I'm working on an old-school "image warp" filter. Essentially, I have a 2D array of pixels (ignoring for the present the question of whether they are color, grayscale, float, RGBA, etc.) and another 2D array of vectors (with floating-point components), with the image being at least as large as the vector array. In pseudo code, I want to do this:
FOR EACH PIXEL (x,y)
vec = vectors[x,y] // Get vector
val = get(img, x + vec.x, y + vec.y) // Get input at <x,y> + vec
output[x,y] = val // Write to output
The catch is that get()
needs to bilinearly sample the input image, because the vectors can refer to subpixel coordinates. But unlike bilinear sampling in, say, texture mapping where we can work the interpolation math into a loop so it's all just adds, here the reads are from random locations. So get()
's definition looks something like this:
FUNCTION get(in,x,y)
ix = floor(x); iy = floor(y) // Integer upper-left coordinates
xf = x - ix; yf = y - iy // Fractional parts
a = in[ix,iy]; b = in[iy+1,iy] // Four bordering pixel values
b = in[ix,iy+1]; d = in[ix+1,iy+1]
ab = lerp(a,b,xf) // Interpolate
cd = lerp(c,d,xf)
RETURN lerp(ab,cd,yf)
and lerp()
is simply
FUNCTION lerp(a,b,x)
RETURN (1-x)*a + x*b
Assuming that neither the input image nor the vector array is known in advance, what kind of high-level optimizations are possible? (Note: "Use the GPU" is cheating.) One thing I can think of is rearranging the interpolation math in get()
so that we can cache the pixel reads and intermediate calculations for a given (ix,iy). That way, if successive accesses are to the same subpixel quad, we can avoid some work. If the vector array is known in advance, then we can rearrange it so that the coordinates passed to get()

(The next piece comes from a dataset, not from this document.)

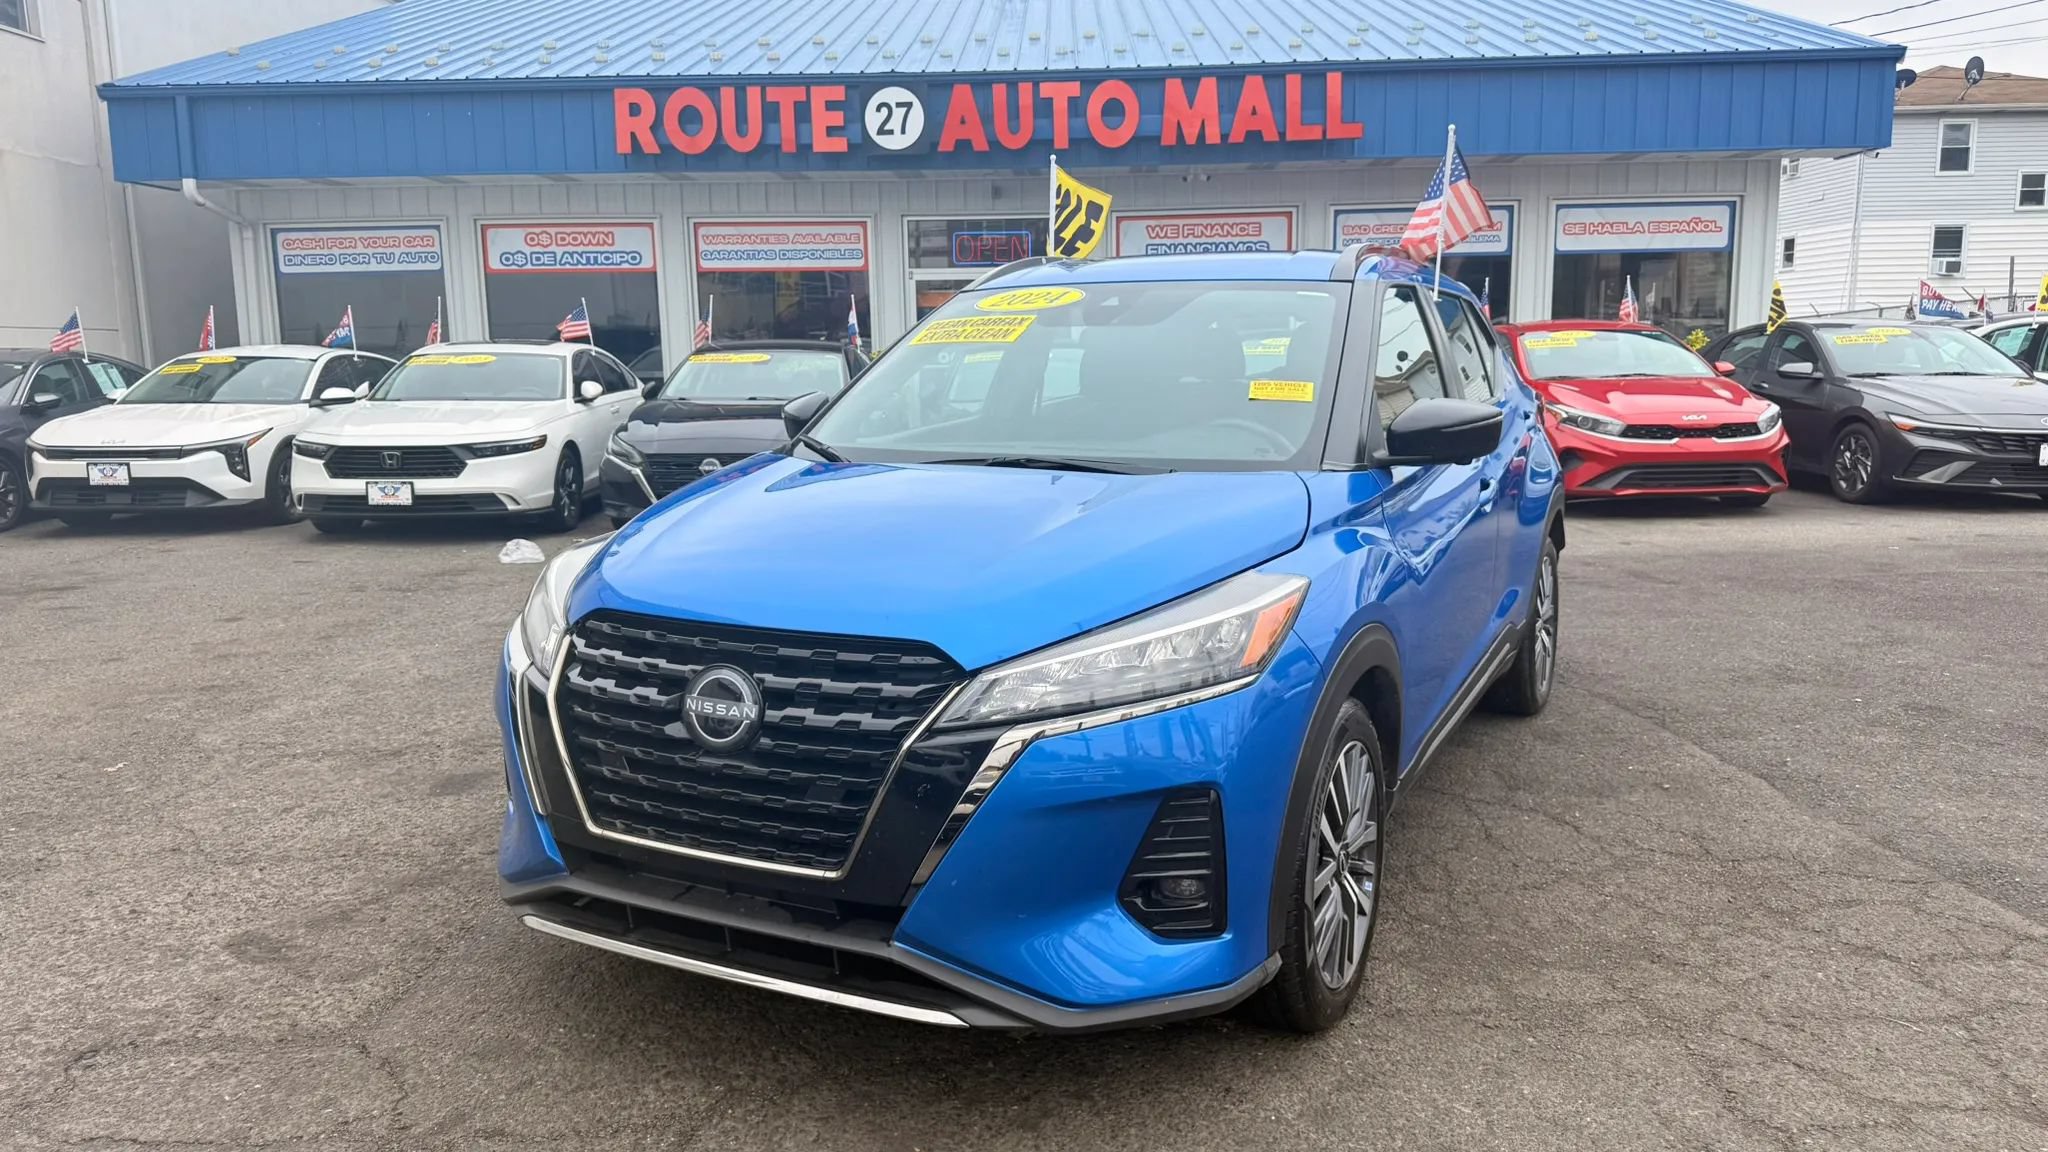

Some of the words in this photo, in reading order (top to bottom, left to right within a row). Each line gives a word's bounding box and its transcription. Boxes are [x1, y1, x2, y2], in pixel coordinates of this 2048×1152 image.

tend to be more local. This might help with cache locality as well, but at the expense of having the writes to output
be all over the place. But then we can't do fancy things like scale the vectors on the fly, or even move the warp effect from its original precalculated location.
The only other possibility would be to use fixed-point vector components, perhaps with very limited fractional parts. E.g., if the vectors only have 2-bit fractional components, then there are only 16 subpixel regions that could be accessed. We could precompute the weights for these, and avoid much of the interpolation math altogether, but with a hit to quality.
Any other ideas? I want to accumulate a few different methods before I implement them and see which is the best. If someone could point me to source code of a fast implementation, that would be great.